• GIVEN DATA
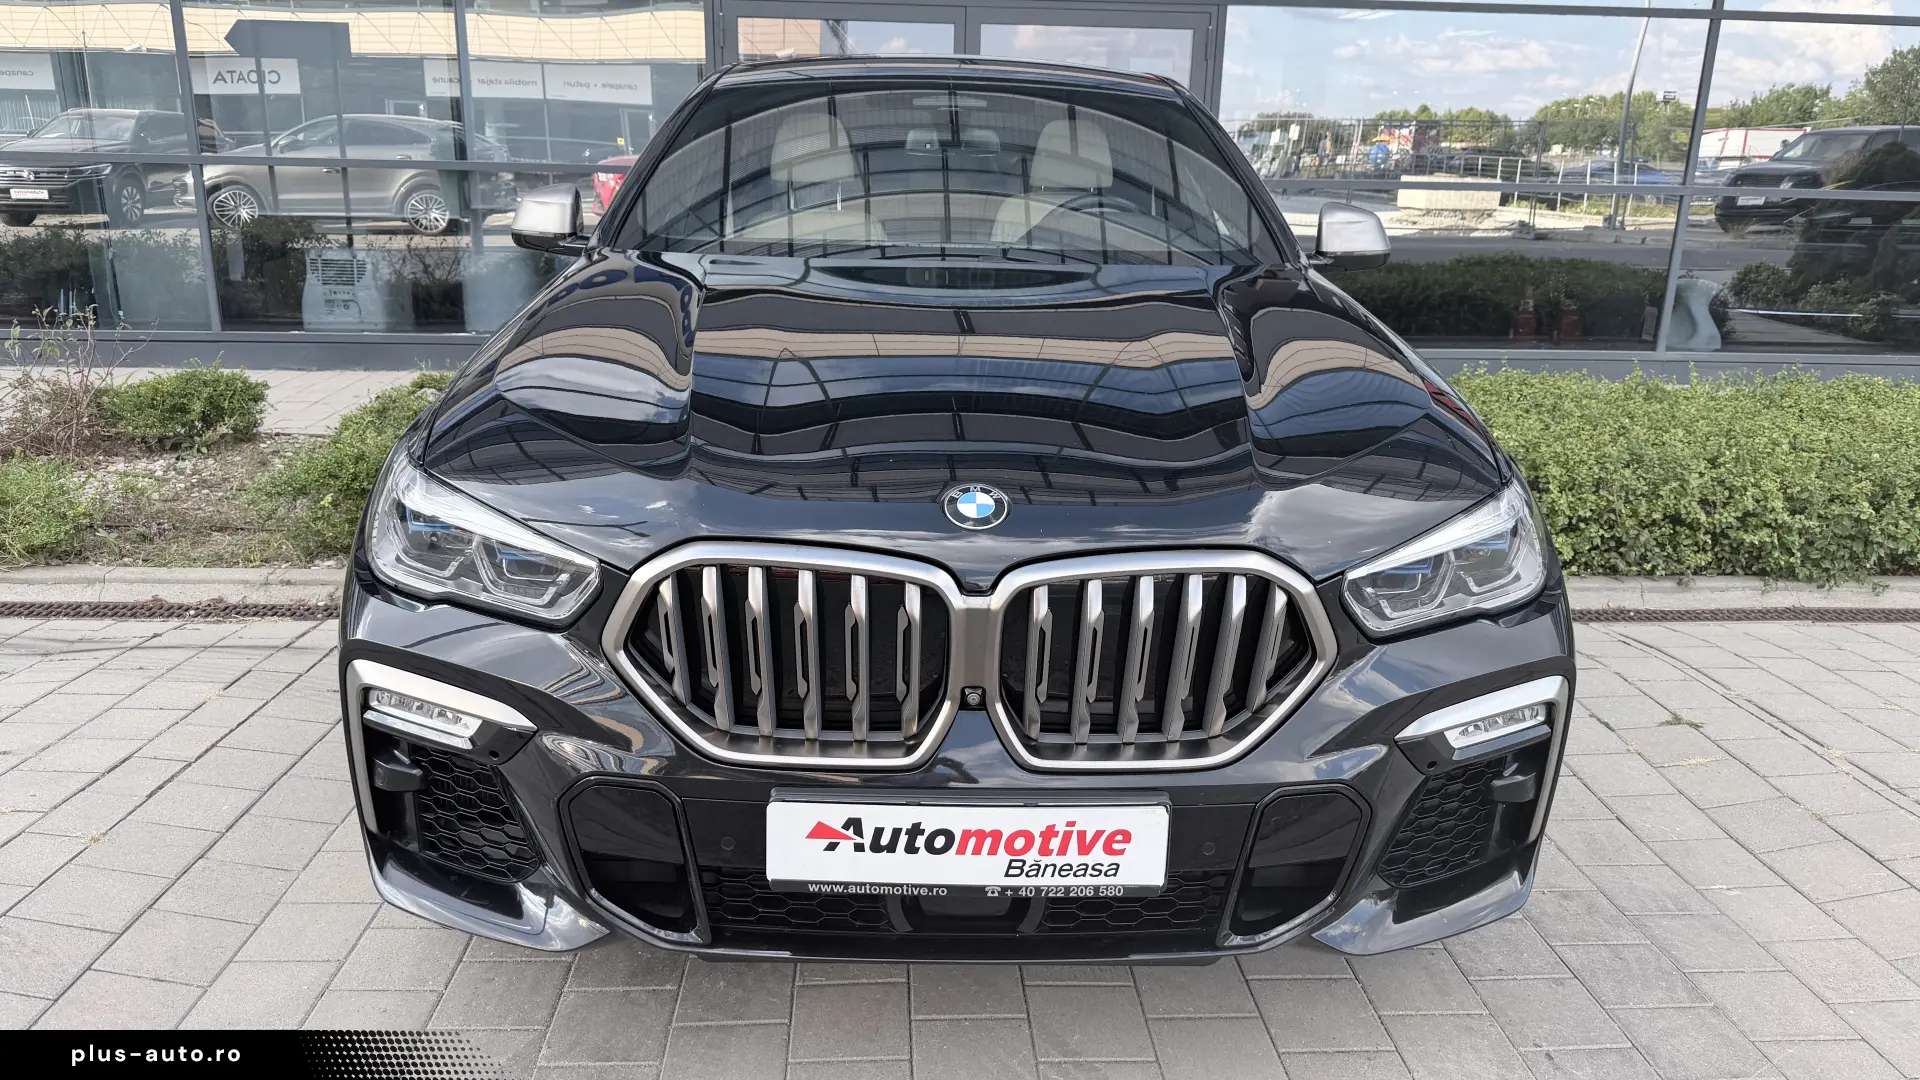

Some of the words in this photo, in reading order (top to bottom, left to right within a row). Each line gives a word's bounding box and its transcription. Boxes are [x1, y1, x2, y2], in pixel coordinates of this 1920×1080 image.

[951, 486, 1001, 499] BMW
[806, 817, 1132, 856] Automotive
[1004, 858, 1121, 878] Băneasa
[808, 883, 948, 896] www.automotive.ro
[1018, 886, 1036, 897] 40
[1041, 886, 1065, 897] 722
[1069, 886, 1094, 897] 206
[1098, 885, 1124, 897] 580
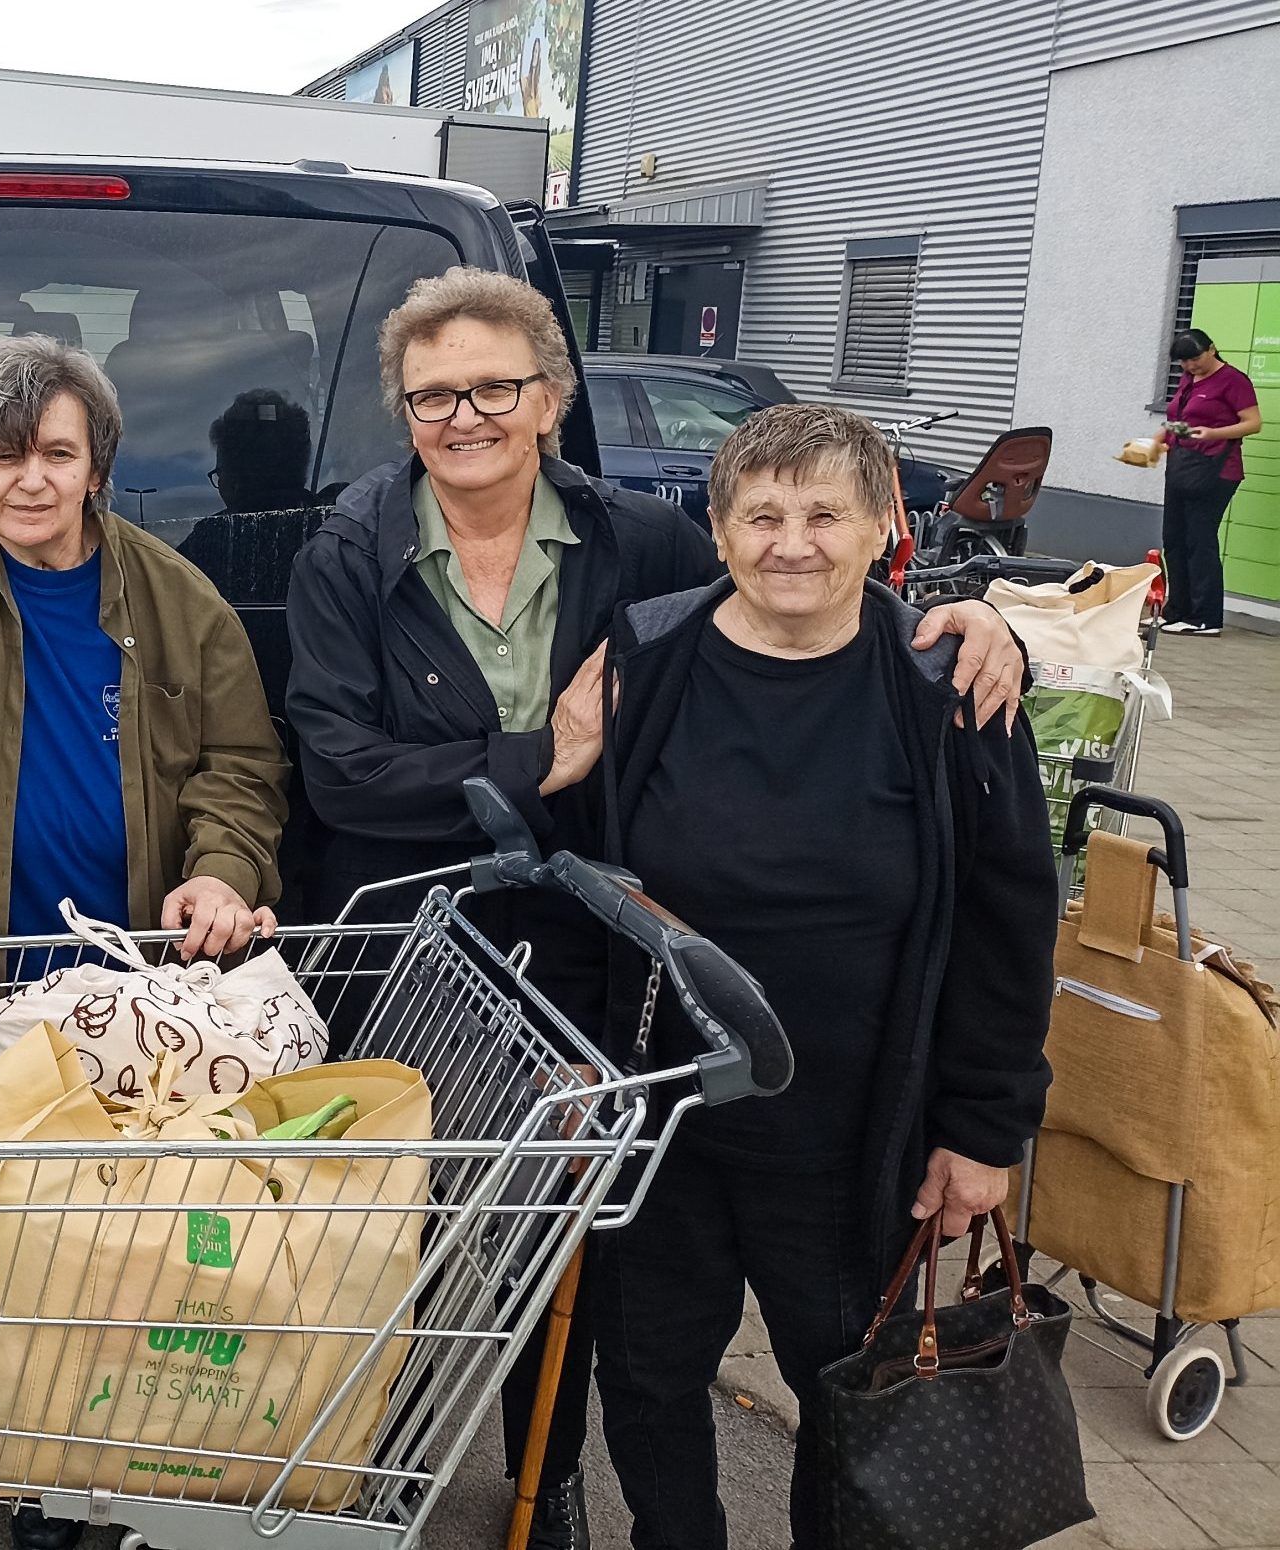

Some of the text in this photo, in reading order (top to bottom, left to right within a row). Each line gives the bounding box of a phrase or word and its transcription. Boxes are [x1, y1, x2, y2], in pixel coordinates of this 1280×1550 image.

[464, 53, 521, 110] SVJEŽINE!
[174, 1299, 234, 1322] THATS
[136, 1375, 245, 1409] IS SMART

• WORK REQUIRED
Every record must be set down again exactly; pictures do not belong in the copy.

• SOLUTION TO THIS PROBLEM
Some of the words in this photo, in reading order (top to bottom, left to right within a row). Each line gives a word's bounding box and its transcription. Boxes are [x1, y1, x2, y2], in pixel coordinates of this 1920×1080 image.

[951, 486, 1001, 499] BMW
[806, 817, 1132, 856] Automotive
[1004, 858, 1121, 878] Băneasa
[808, 883, 948, 896] www.automotive.ro
[1018, 886, 1036, 897] 40
[1041, 886, 1065, 897] 722
[1069, 886, 1094, 897] 206
[1098, 885, 1124, 897] 580

Some of the text in this photo, in reading order (top to bottom, left to right within a row). Each line gives the bounding box of a phrase or word and its transcription. Boxes are [x1, y1, x2, y2], in pixel coordinates of this 1280×1550 image.

[464, 53, 521, 110] SVJEŽINE!
[174, 1299, 234, 1322] THATS
[136, 1375, 245, 1409] IS SMART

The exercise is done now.